We also need to distinguish between different types of pauses. Try this, stop reading right now and do four reps of "chair dips" wherever you happen to be sitting, just like you would do bench dips in the gym. Onthe first two reps, I want you to extend your arms to their full lockout position, noting how much tension is reduced at the top of the movement when your arms are locked out. The next two reps, stop just short of lockout, noting how much tension increases at the top of the movement. With pulling movements there really are no differences, but with all presses, triceps exercises, and squatting movements, this difference in top-position pauses will become a factor.
This pause can have very different effects depending on the style you use. In the bench press, for example, extending to full lockout and pausing there for a second will improve your strength during the next rep due to the small amount of rest you'll get during the pause. On the other hand, extending to just short of lockout will cause a greater degree of fatigue and decrease your strength during the next rep.

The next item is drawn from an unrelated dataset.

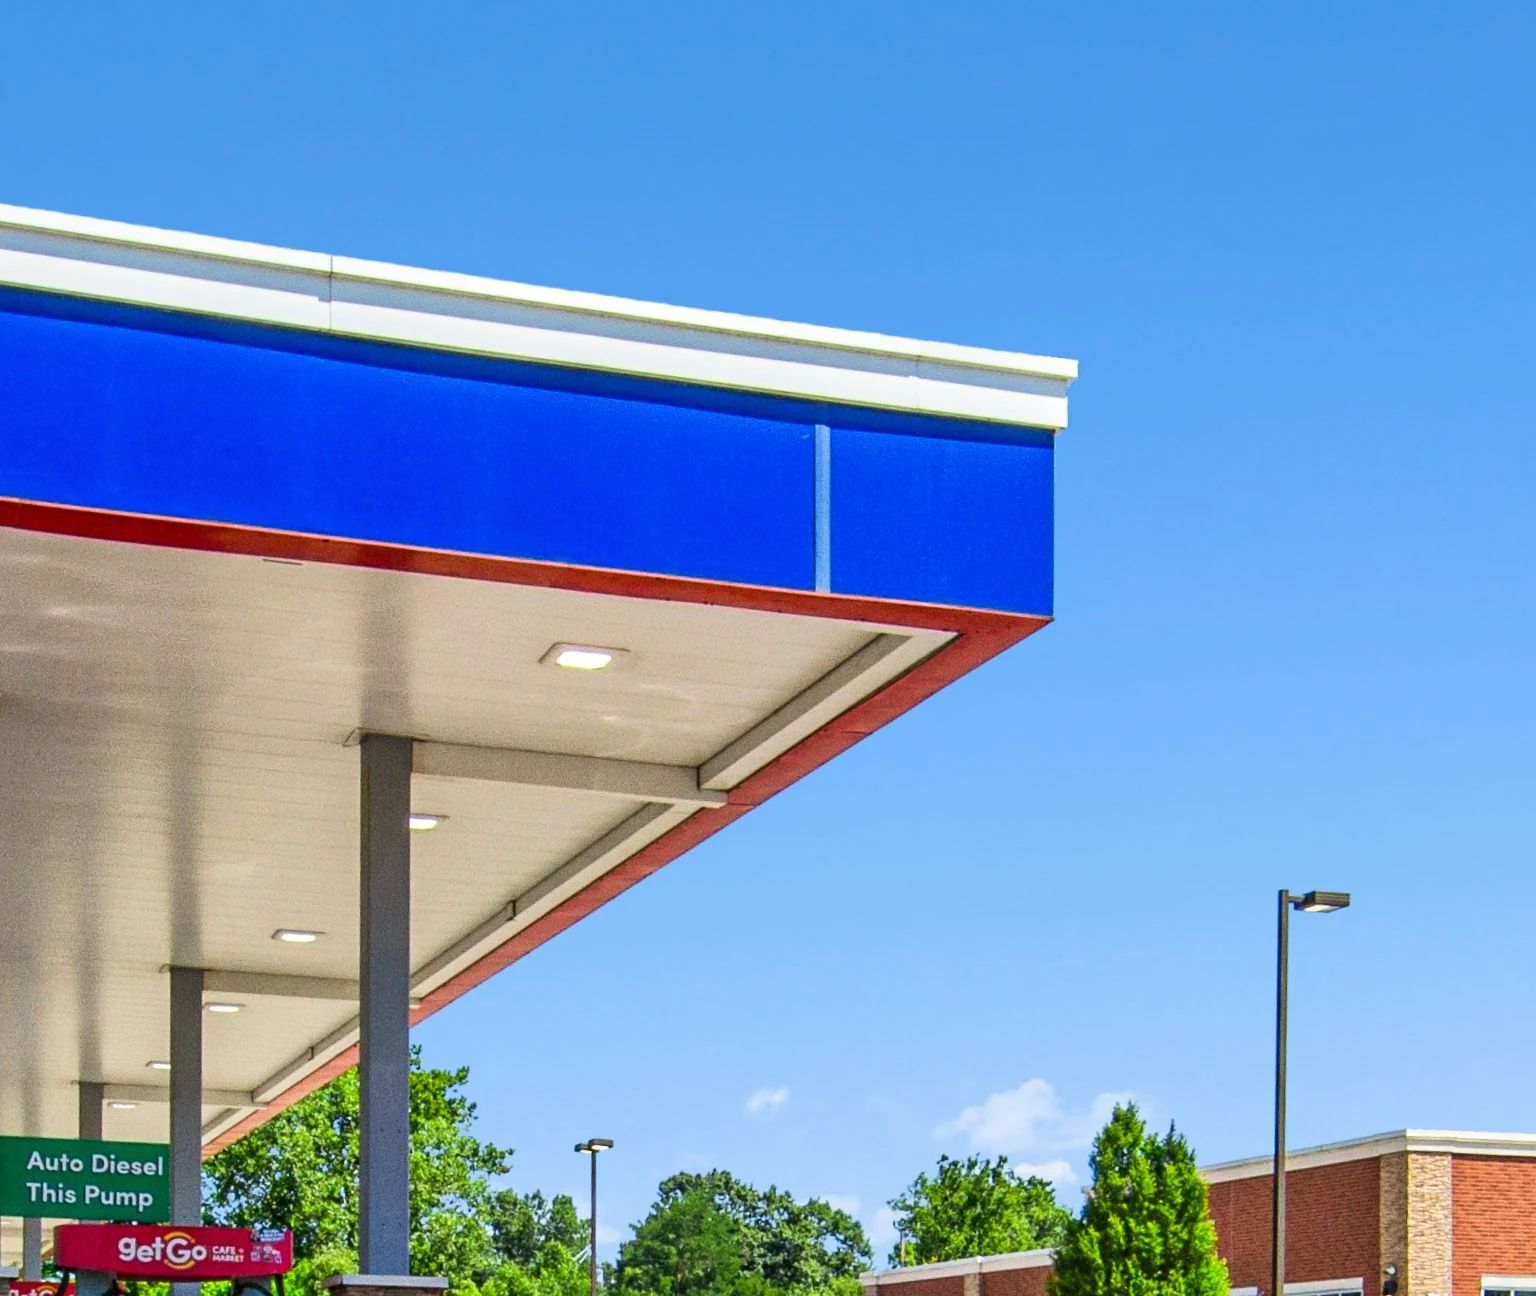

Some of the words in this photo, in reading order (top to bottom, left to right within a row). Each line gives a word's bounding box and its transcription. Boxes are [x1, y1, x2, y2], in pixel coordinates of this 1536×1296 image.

So what kind of pause should you use? Both of them! Just like everything else in the iron game, there's a time and a place for both types. What's important is how you plan the variations.
In maximal strength training, it may be advantageous to take a brief one second pause in the full lockout position in exercises like the bench presses, military presses, dips, squats, etc... Taking this small break in the set can help you sustain your power output for more repetitions.
However, taking this pause decreases muscle tension, which is not what we're looking for in a hypertrophy program. So in a hypertrophy phase, the pause should be taken just short of the lockout position to maximize tension on the muscle. It would also be smart to pause in pulling exercises like chin-ups, rows, and pulldowns. In these exercises, the contracted position is the point at which the muscle has maximum tension.
Most of the time, I prescribe a pause at the top of any row, chin, or pulldown, even in maximal strength training. In these movements, the "rest" period is at the bottom in the stretched position, so a longer pause should be taken there instead of the contracted position.